Inspecting a dataset's manifest may be useful to better understand the effects of dataset manipulations.

.. _validation_planning:

Training/Validation Splitting
*****************************

An important step when planning an experiment is to determine your validation and testing data. In total, deep learning experiments should have three groups of data:

1) **Training** - data used for learning during training
2) **Validation** - data used for validating training parameters and early stopping (if applicable)
3) **Evaluation** - held-out data used for final testing once all training and parameter tuning has completed. Preferably an external cohort.

|

Slideflow includes tools for flexible training, validation, and evaluation data planning as discussed in the next sections.

Creating a split
----------------

Datasets can be split into training and validation or test datasets with :meth:`Dataset.split`. The result of this function is two datasets - the first training, the second validation - each a separate instance of :class:`Dataset`.

Slideflow provides several options for preparing a validation plan, including:

- **strategy**:  ``'bootstrap'``, ``'k-fold'``, ``'k-fold-manual'``, ``'k-fold-preserved-site'``, ``'fixed'``, and ``'none'``
- **fraction**:  (float between 0-1) [not used for k-fold validation]
- **k_fold**:  int

The default validation strategy is three-fold cross-validation (``strategy='k-fold'`` and  ``k=3``).

.. code-block:: python

    # Split a dataset into training and validation
    # using 5-fold cross-validation, with this being
    # the first cross-fold.
    train_dataset, test_dataset = dataset.split(
        model_type='classification', # Categorical labels
        labels='subtype',            # Label to balance between datasets
        k_fold=5,                    # Total number of crossfolds
        k_fold_iter=1,               # Cross-fold iteration
        splits='splits.json'         # Where to save/load crossfold splits
    )

You can also use :meth:`Dataset.kfold_split` to iterate through cross-fold splits:

.. code-block:: python

    # Split a dataset into training and validation
    # using 5-fold cross-validation
    for train, test in dataset.kfold_split(k=5, labels='subtype'):
        ...


.. _validation_strategies:

Validation strategies
---------------------

.. figure:: validation.png
    :width: 100%
    :align: center

The ``strategy`` option determines how the validation data is selected.

If **fixed**, a certain percentage of your training data is set aside for testing (determined by ``fraction``).
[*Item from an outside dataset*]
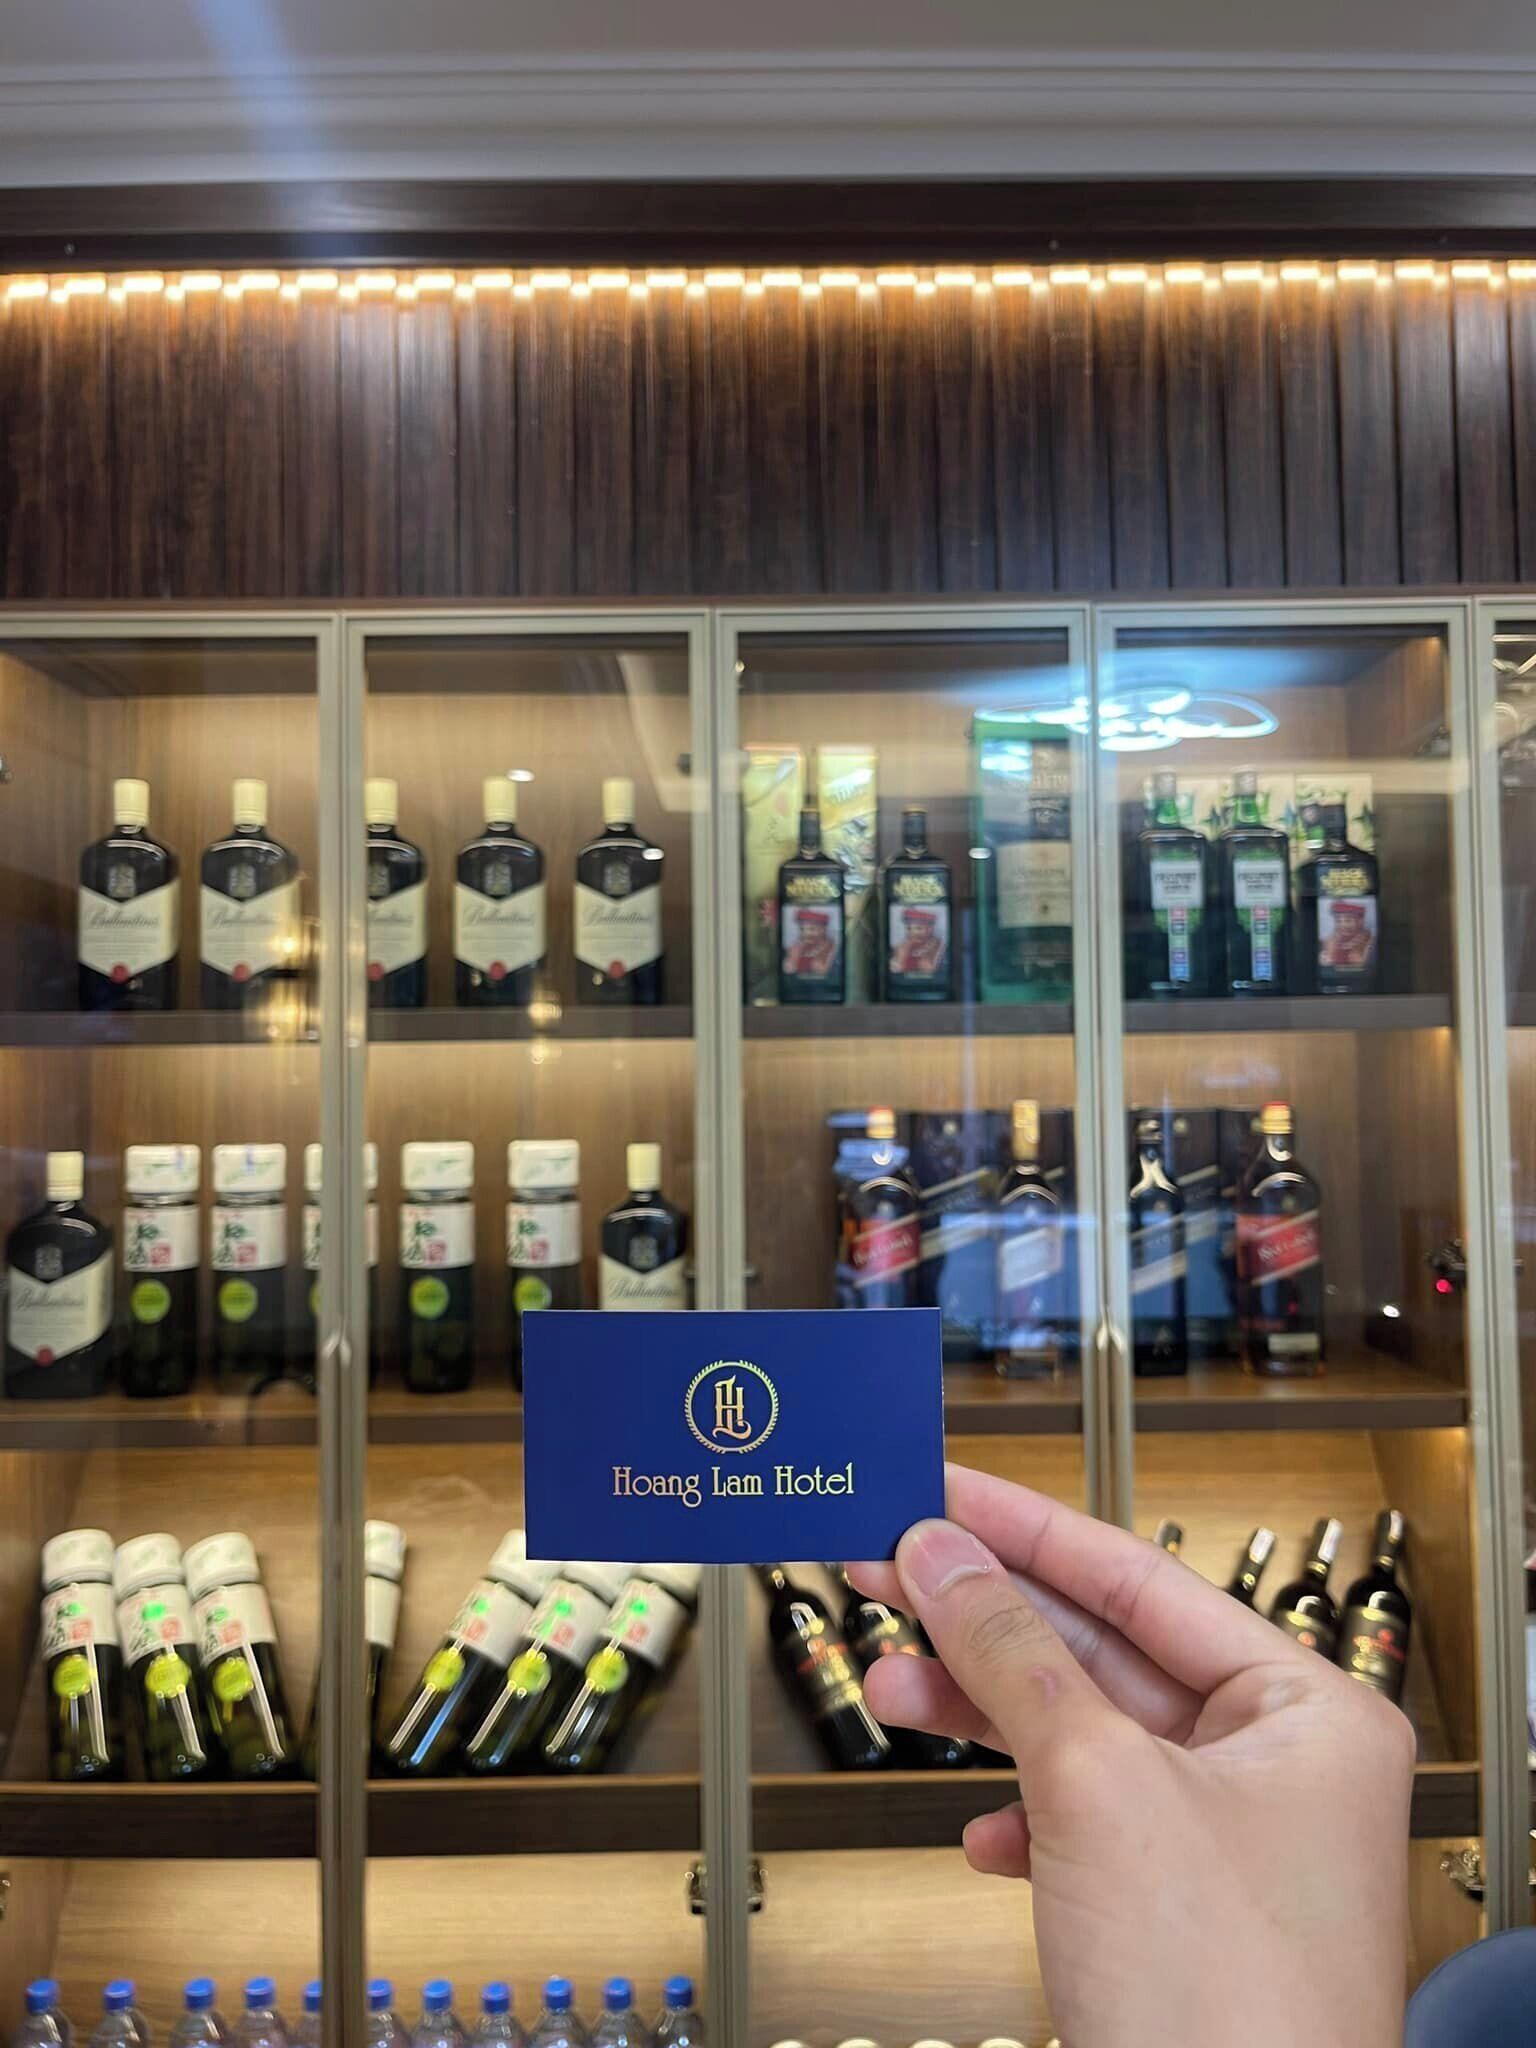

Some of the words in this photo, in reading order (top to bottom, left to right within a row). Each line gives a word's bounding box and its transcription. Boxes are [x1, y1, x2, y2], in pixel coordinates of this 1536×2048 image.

[612, 1466, 702, 1508] Hoang
[711, 1466, 764, 1497] Lam
[774, 1461, 855, 1496] Hotel
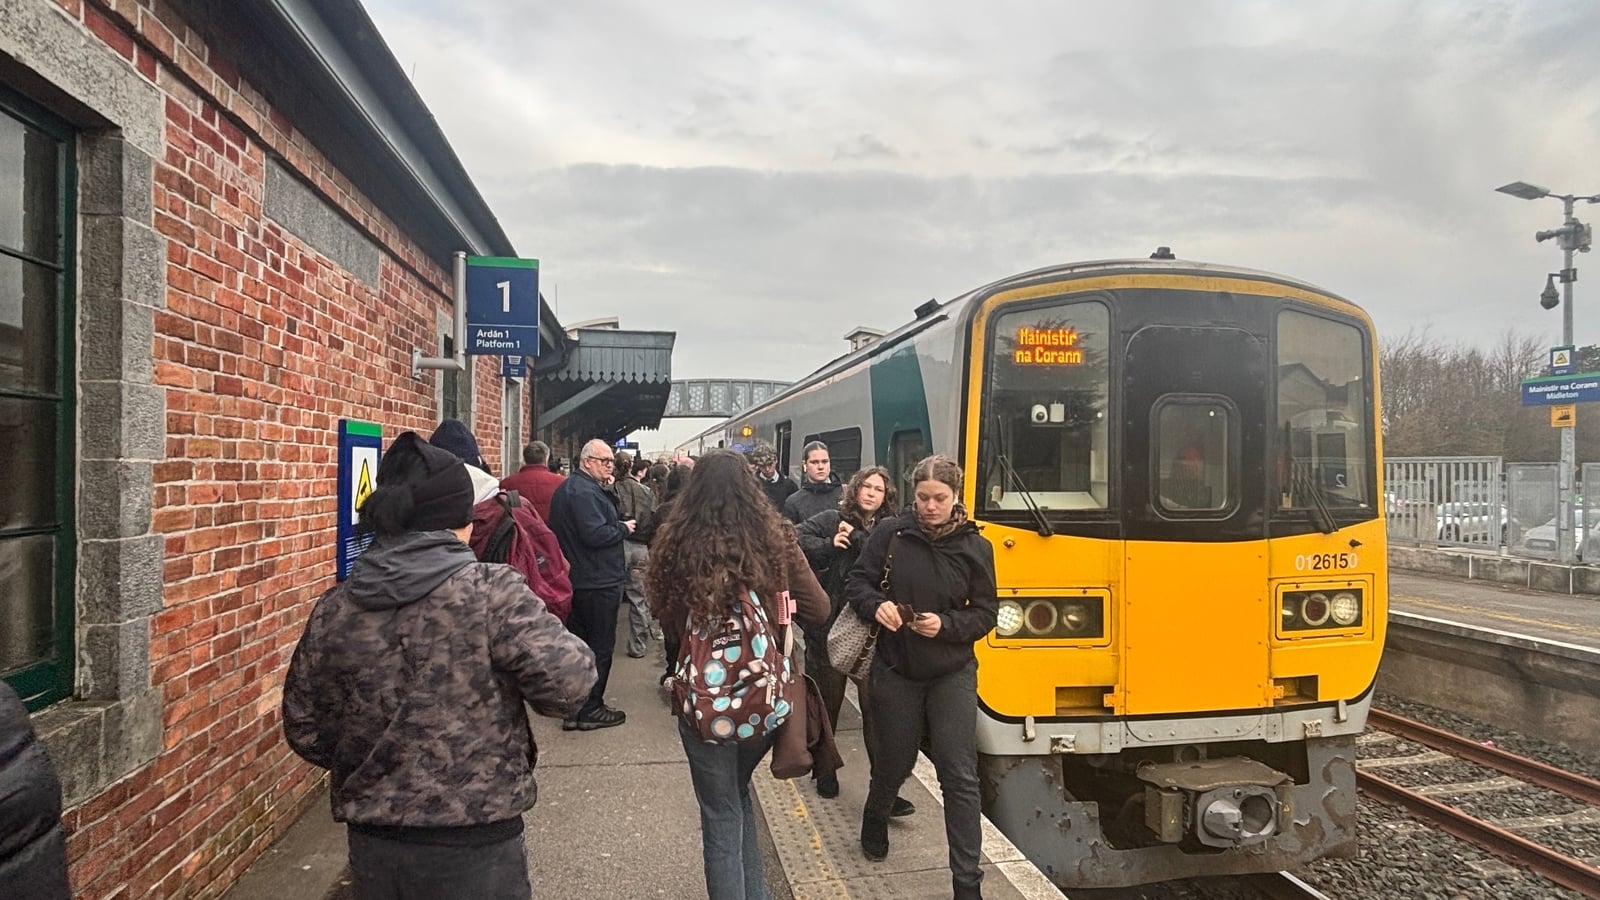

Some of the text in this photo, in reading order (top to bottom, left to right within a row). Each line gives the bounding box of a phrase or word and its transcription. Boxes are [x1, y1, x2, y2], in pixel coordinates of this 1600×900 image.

If **bootstrap**, validation data will be selected at random (percentage determined by ``fraction``), and all training iterations will be repeated a number of times equal to ``k_fold``. When used during training, the reported model training metrics will be an average of all bootstrap iterations.

If **k-fold**, training data will be automatically separated into *k* number of groups (where *k* is equal to ``k_fold``), and all training iterations will be repeated *k* number of times using k-fold cross validation. The saved and reported model training metrics will be an average of all k-fold iterations.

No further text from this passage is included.